Advisors: 4 Keys to Creating a Culture of Connection

Proactively connecting with clients is what we refer to as "creating a culture of connection" within your business. Yesterday's strategies for success are no longer effective in today's rapidly changing environment. There are four trends every advisor should understand if they want to create value and connection.

Trend #1: Teams!

The majority of top producing advisors now work as part of a team while also building a network of professionals to compliment that team, an approach that brings numerous advantages. First, teams allow advisors to bring specialty services to clients that may not be readily obtained from an advisor works alone. And while the structure of a successful team may be influenced by many factors (demographics, geography, etc.) my favorite case study is of a top producer that has ascribed to the team approach over the past 10 years. As part of a 5 member team―an analyst, another rainmaker like himself, one operations person and one administrative "plus" person-this advisor has reached $1.5 billion in AUM, a level not easily reachable by the solo operator.

Building out your network of experts will require a concentrated effort, but upgrading your services will be easier if you have a group of top professionals you can connect with. And while my example above demonstrates the success a team approach may bring, I strongly encourage you to also forge ties across disciplines as you strive to improve your service, connectivity and production. Your network should be without boundaries, so connect with professionals like CPAs, estate attorneys, insurance professionals, IT experts, elder care managers, banking professionals, and therapists including life coaches. These untapped connections can present significant opportunity for your business because in today's environment, it's more powerful to realize that referrals are earned, not asked for.

The next two trends are demographically based:

Trend #2: The Aging Population

As the average age of the world's population increases, advisors need to understand and address the factors that impact this client segment. As a whole, these investors will experience the longest retirement periods in history in the face of low savings rates, declining pension plans and a questionable future for Social Security. As a result, they will need advisors that not only do they trust, but ones that may help them coordinate the broad range of services their situations may require.

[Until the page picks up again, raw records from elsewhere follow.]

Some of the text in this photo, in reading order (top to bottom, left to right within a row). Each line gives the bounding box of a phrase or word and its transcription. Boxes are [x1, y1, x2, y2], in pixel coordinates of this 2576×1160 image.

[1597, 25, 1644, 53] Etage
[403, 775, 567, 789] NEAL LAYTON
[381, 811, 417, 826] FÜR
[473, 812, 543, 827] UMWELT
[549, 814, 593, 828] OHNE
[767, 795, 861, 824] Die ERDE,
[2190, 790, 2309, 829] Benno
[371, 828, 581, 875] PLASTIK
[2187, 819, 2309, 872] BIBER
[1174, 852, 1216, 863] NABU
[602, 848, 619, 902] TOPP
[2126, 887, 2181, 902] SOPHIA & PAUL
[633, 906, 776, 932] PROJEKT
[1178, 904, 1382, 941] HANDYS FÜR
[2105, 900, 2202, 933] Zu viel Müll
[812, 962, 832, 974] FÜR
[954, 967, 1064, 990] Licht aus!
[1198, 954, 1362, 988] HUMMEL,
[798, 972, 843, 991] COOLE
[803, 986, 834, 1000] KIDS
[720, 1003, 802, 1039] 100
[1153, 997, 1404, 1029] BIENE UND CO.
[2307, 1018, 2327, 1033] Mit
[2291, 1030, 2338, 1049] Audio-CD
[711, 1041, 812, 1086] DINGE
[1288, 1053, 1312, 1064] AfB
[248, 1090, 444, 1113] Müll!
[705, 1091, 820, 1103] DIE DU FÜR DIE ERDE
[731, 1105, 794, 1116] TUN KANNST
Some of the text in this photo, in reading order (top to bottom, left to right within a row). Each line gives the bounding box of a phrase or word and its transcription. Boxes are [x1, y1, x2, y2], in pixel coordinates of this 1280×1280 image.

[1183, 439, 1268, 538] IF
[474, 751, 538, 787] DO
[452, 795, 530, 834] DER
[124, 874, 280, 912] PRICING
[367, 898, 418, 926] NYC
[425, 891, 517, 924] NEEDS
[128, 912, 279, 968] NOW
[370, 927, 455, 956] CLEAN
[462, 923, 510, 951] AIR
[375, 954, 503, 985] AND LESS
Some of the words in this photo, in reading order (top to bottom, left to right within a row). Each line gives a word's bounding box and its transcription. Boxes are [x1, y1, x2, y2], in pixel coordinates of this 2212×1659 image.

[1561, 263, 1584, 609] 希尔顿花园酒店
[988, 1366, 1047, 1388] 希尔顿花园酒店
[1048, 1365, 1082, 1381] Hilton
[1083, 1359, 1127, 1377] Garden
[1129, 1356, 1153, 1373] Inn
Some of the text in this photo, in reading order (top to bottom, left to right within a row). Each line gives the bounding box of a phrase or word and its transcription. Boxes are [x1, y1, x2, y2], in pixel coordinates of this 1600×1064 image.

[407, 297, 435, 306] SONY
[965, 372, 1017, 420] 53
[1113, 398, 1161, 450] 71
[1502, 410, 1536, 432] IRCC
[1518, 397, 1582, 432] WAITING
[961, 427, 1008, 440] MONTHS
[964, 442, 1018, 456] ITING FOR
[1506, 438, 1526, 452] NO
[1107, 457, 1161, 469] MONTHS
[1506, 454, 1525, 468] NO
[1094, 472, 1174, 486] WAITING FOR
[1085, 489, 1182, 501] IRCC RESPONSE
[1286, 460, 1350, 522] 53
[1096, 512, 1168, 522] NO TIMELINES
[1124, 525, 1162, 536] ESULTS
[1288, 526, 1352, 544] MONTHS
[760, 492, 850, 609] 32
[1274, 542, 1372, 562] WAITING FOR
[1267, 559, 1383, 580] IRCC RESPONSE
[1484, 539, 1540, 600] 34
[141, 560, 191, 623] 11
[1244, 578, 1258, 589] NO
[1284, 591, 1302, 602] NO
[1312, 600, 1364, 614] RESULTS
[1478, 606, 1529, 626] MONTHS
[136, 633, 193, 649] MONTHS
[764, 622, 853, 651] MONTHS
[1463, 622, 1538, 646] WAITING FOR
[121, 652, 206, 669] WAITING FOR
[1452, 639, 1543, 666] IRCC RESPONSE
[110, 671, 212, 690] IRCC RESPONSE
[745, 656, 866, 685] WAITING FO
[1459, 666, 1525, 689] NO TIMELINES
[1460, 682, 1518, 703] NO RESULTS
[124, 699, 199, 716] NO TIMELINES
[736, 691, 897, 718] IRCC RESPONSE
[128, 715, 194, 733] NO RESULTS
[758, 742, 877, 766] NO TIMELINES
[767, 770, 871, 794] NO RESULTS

Trend #3: The Greatest Transfer of Wealth

While an aging population naturally presents us with this next trend, the statistics are staggering on the number of investors receiving generational wealth that select another advisor to manage the wealth.

This really needs to be our wakeup call! Through our own myopia, we are letting assets simply walk out the door rather than trying to keep the assets already entrusted to us! Have we forgotten the basic lesson that it is easier to retain existing assets than attract new assets? Take the time and identify your clients with generational connections and build those relationships.

The other side of this trend is being prepared to service high-net-worth (HNW) assets. To date, countless studies have been done on the complex needs of HNW individuals. Despite this plethora of information, we continue to disregard the message and focus on pushing products to our HNW clients when what they really want (and need) is wealth management. This demand/need takes us back to the discussion on building your network of professionals as effective wealth management simply can't be achieved without help.

Trend #4: Understanding the Female Investor.

To help you comprehend the magnitude of this market, consider the current reality:

  • For every 100 men that graduate from a U.S. university, 133 women will graduate
  • While the gap is narrowing, women on average still live longer than men
  • 80-90% of women will be solely responsible for managing their own finances at some point in their life
  • Of the four trends, this one may require the greatest re-working of your approach as there are important nuances as to how women approach investing compared to men. Plus, their investment timelines may vary relative to men's based on time in the workforce or longer life expectancies.

    On this topic there is a plethora of studies and information to help guide you in the right direction including our "$14 Trillion Woman" program. And speaking of direction, you may do well by remembering the old stereotype―when lost, men keep driving while women will stop and ask directions. Are you prepared to provide a meaningful road map that differentiates yourself from other advisors?